Exactly the lines from the one with "this 1424×1136 image." through the end of the records below are needed, minus any pictures.

(Saved data entries)
───
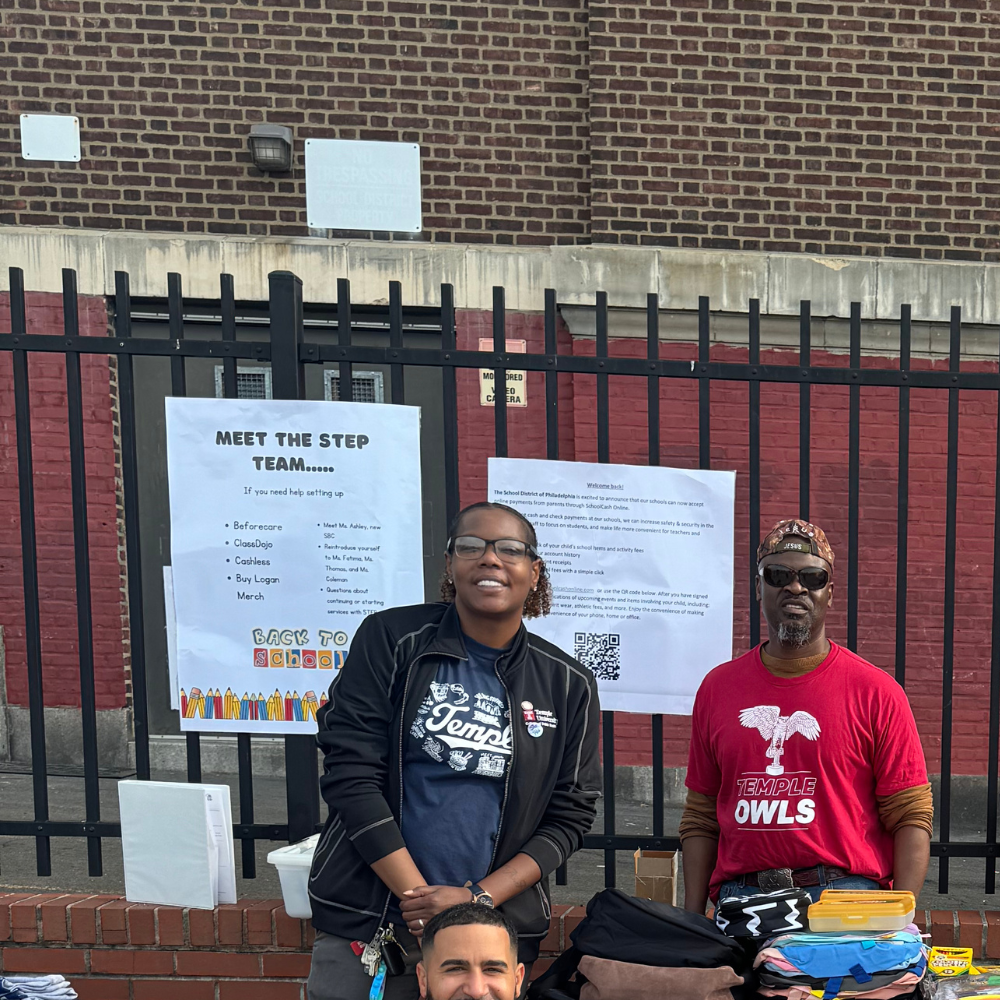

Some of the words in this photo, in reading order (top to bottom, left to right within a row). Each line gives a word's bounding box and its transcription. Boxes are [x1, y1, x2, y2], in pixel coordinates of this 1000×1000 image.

[483, 373, 522, 381] MOORED
[486, 395, 521, 403] CAERA
[216, 431, 267, 446] MEET
[275, 432, 312, 447] THE
[319, 433, 369, 450] STEP
[252, 456, 335, 472] TEAM.....
[244, 487, 252, 495] If
[254, 489, 268, 497] you
[270, 488, 287, 496] need
[289, 488, 305, 498] help
[306, 489, 333, 498] setting
[233, 521, 282, 531] Beforecare
[234, 538, 273, 550] ClassDojo
[235, 556, 271, 566] Cashless
[236, 573, 252, 585] Buy
[254, 574, 280, 585] Logan
[237, 591, 264, 601] Merch
[252, 628, 309, 646] BACK
[319, 630, 348, 647] TO
[425, 702, 512, 749] Templ
[736, 777, 817, 797] TEMPLE
[734, 798, 816, 826] OWLS
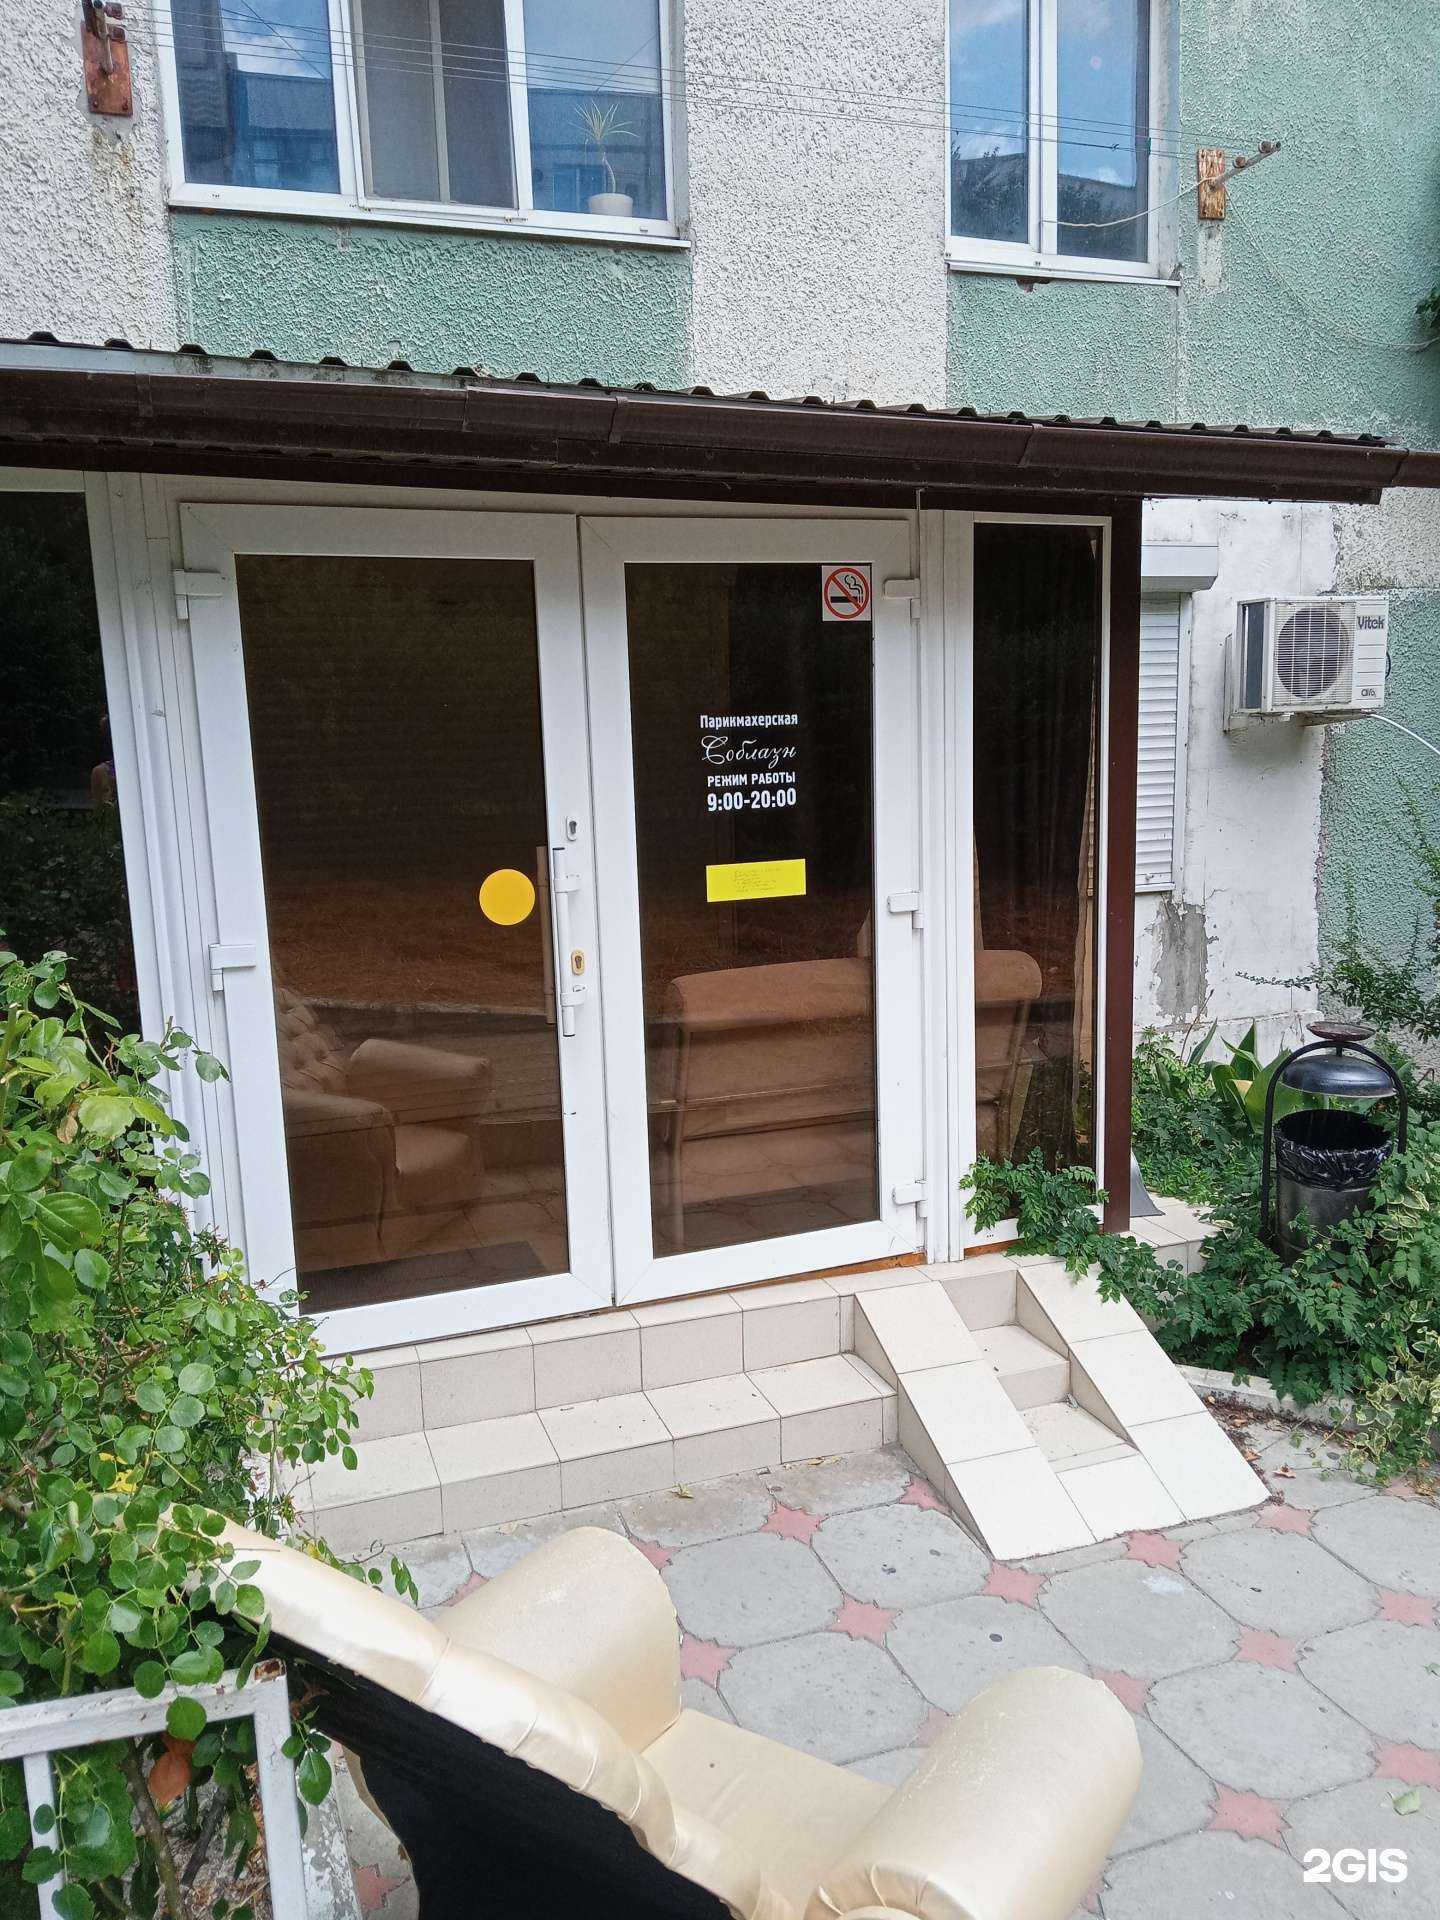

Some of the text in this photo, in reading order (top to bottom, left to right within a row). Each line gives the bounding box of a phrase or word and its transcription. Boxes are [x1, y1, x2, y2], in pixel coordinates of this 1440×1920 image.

[1357, 615, 1385, 630] Vitek
[700, 714, 798, 730] Парикмахерская
[701, 735, 797, 769] Соблазн
[707, 771, 796, 787] РЕЖИМ РАБОТЫ
[707, 788, 797, 812] 9:00-20:00
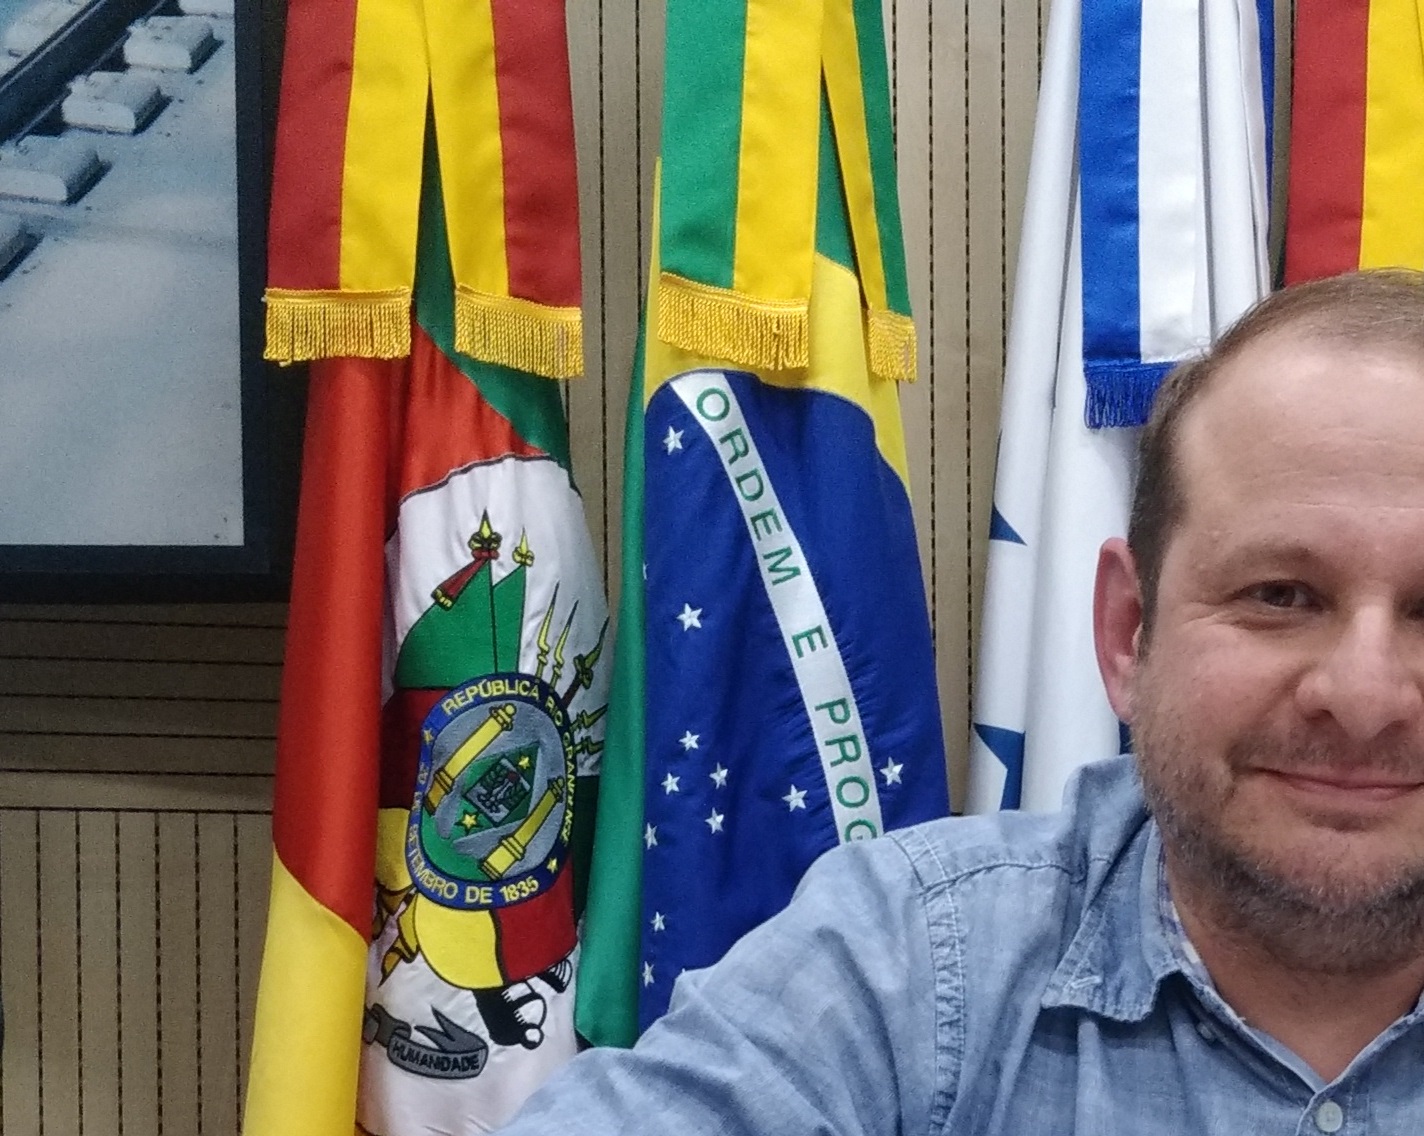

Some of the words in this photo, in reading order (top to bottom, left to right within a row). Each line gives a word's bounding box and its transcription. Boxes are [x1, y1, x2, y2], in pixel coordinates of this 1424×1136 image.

[696, 386, 802, 586] ORDEM
[791, 624, 829, 659] E
[441, 678, 540, 716] REPÚBLICA
[464, 886, 493, 904] DE
[499, 875, 539, 903] 1835
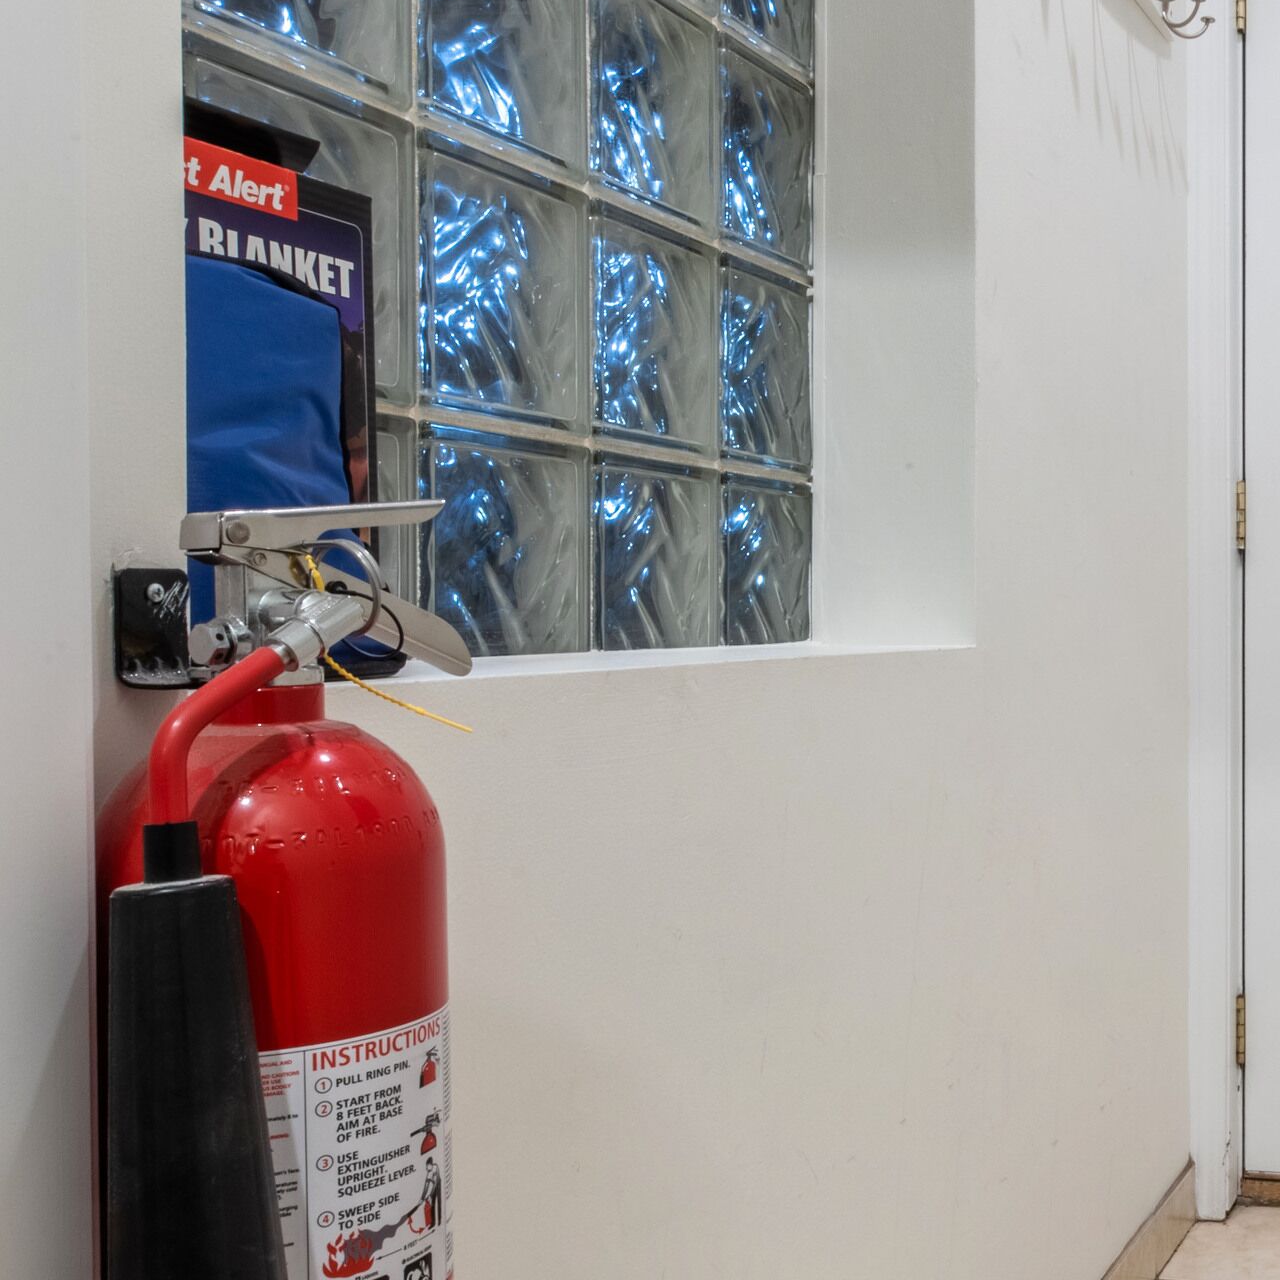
───
- RESPONSE FOR THIS EXERCISE
Some of the words in this photo, in reading order (top to bottom, left to right within a row). Each line gives a word's bounding box and its transcription. Boxes are [x1, y1, x2, y2], in pixel coordinates of this 1424×1136 image.

[696, 386, 802, 586] ORDEM
[791, 624, 829, 659] E
[441, 678, 540, 716] REPÚBLICA
[464, 886, 493, 904] DE
[499, 875, 539, 903] 1835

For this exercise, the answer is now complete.